**EXERCISE DESCRIPTION**
The answer is the data repeated in full, with no pictures included.

▬▬▬▬▬▬

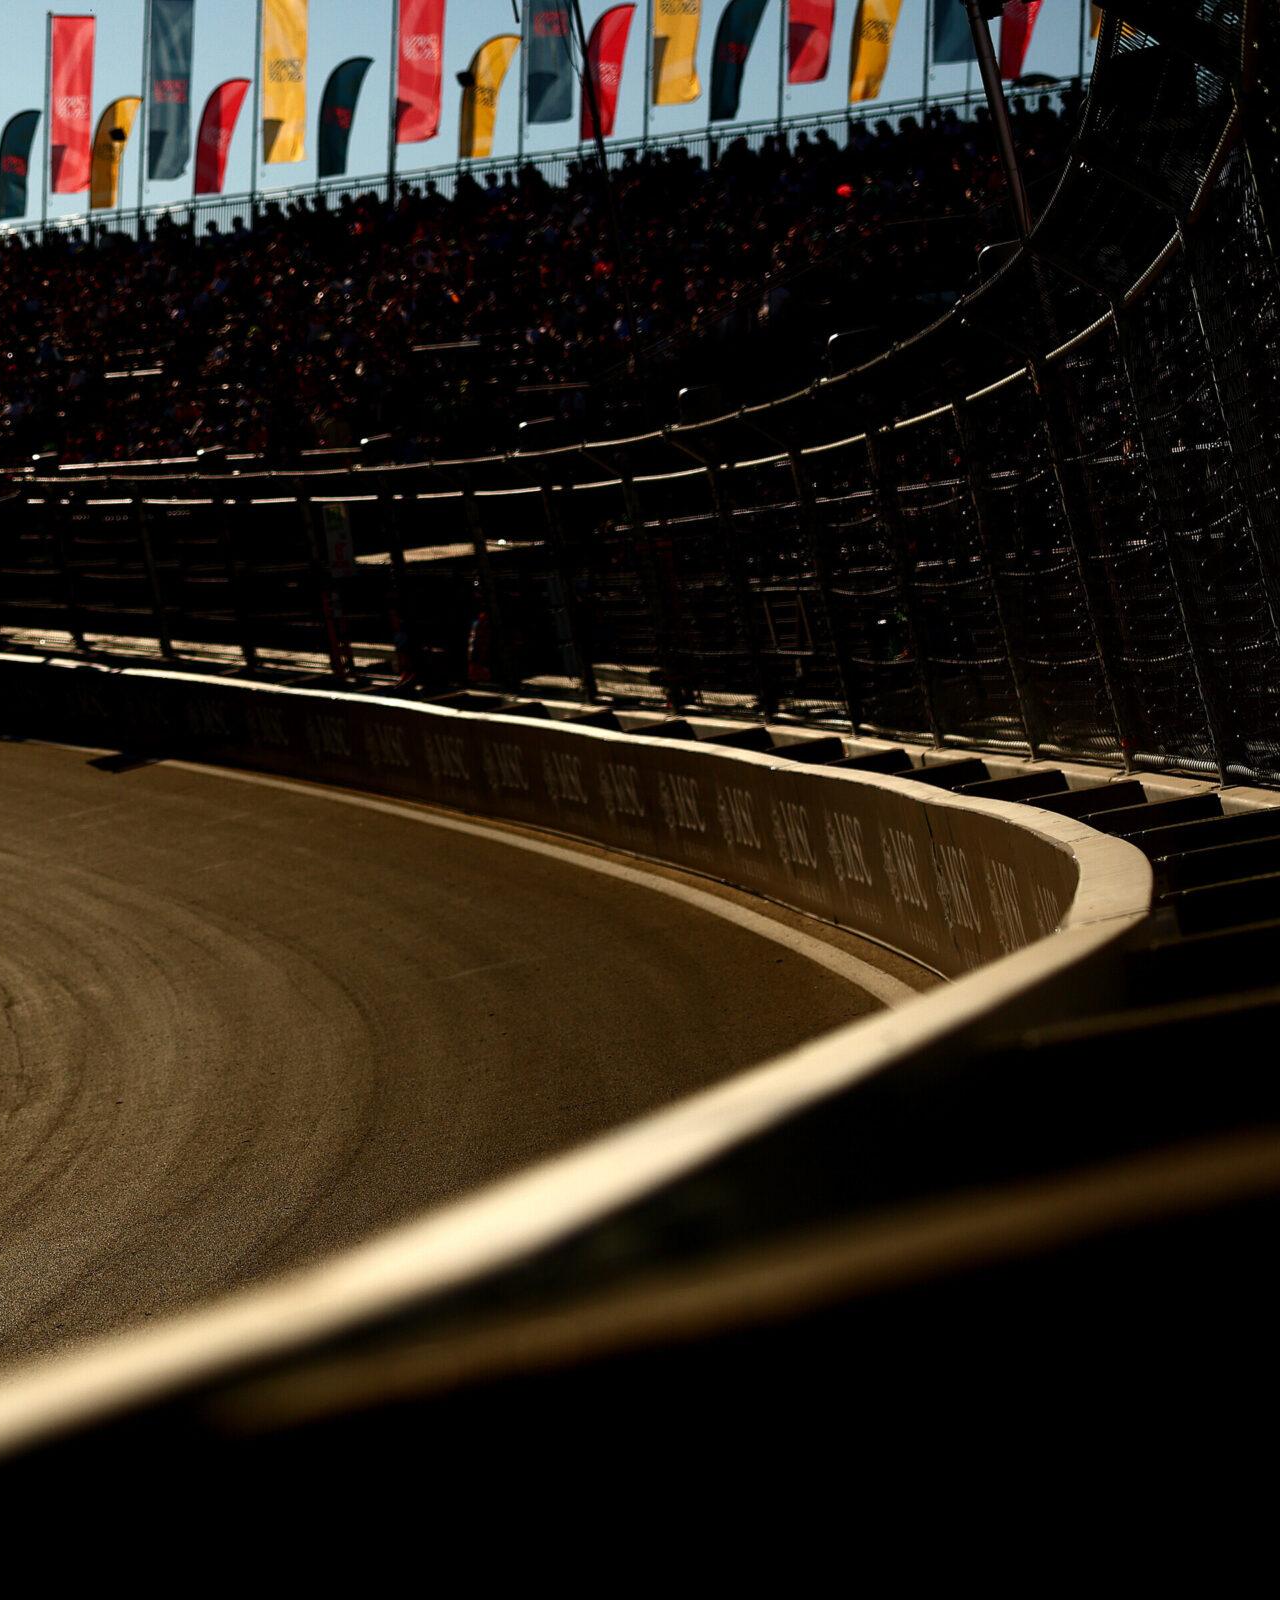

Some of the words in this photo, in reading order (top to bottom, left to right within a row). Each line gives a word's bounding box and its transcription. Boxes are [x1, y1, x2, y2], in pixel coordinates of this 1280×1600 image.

[668, 773, 707, 833] MSC
[726, 786, 762, 851] MSC
[779, 799, 817, 870] MSC
[833, 811, 873, 888] MSC
[888, 827, 928, 912] MSC

▬▬▬▬▬▬

**OUTPUT OF THE EXERCISE**
Some of the words in this photo, in reading order (top to bottom, left to right within a row). Each line gives a word's bounding box and its transcription. Boxes are [x1, y1, x2, y2], in pixel coordinates of this 1280×1600 image.

[668, 773, 707, 833] MSC
[726, 786, 762, 851] MSC
[779, 799, 817, 870] MSC
[833, 811, 873, 888] MSC
[888, 827, 928, 912] MSC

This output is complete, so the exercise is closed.